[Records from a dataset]
######
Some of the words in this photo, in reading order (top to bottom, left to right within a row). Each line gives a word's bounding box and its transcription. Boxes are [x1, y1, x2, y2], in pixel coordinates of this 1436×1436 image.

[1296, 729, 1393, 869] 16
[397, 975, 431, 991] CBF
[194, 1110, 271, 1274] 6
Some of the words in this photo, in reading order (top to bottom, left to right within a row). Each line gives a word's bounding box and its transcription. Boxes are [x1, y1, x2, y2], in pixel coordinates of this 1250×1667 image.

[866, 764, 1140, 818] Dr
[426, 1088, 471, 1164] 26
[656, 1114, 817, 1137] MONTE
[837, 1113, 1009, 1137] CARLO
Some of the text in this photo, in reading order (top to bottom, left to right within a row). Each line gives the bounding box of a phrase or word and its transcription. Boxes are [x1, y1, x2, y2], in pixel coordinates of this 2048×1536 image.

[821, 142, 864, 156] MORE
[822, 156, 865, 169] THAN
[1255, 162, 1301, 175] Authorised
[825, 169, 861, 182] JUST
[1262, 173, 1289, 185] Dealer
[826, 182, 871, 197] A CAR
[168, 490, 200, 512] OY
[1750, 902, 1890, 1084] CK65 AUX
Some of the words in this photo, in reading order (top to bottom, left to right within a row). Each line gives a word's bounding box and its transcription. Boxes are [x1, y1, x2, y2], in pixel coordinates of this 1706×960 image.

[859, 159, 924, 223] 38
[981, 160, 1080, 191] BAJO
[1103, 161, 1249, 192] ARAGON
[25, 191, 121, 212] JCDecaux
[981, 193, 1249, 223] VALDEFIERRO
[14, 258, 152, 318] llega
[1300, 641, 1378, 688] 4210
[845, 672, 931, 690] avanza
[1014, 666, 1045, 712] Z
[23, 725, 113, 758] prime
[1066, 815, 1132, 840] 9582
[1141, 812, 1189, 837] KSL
######
● Exercise instructions:
Repeat only the lines running from the line that contains "this 1706×960 image." through the last line above, inclusive.

● Output below:
Some of the words in this photo, in reading order (top to bottom, left to right within a row). Each line gives a word's bounding box and its transcription. Boxes are [x1, y1, x2, y2], in pixel coordinates of this 1706×960 image.

[859, 159, 924, 223] 38
[981, 160, 1080, 191] BAJO
[1103, 161, 1249, 192] ARAGON
[25, 191, 121, 212] JCDecaux
[981, 193, 1249, 223] VALDEFIERRO
[14, 258, 152, 318] llega
[1300, 641, 1378, 688] 4210
[845, 672, 931, 690] avanza
[1014, 666, 1045, 712] Z
[23, 725, 113, 758] prime
[1066, 815, 1132, 840] 9582
[1141, 812, 1189, 837] KSL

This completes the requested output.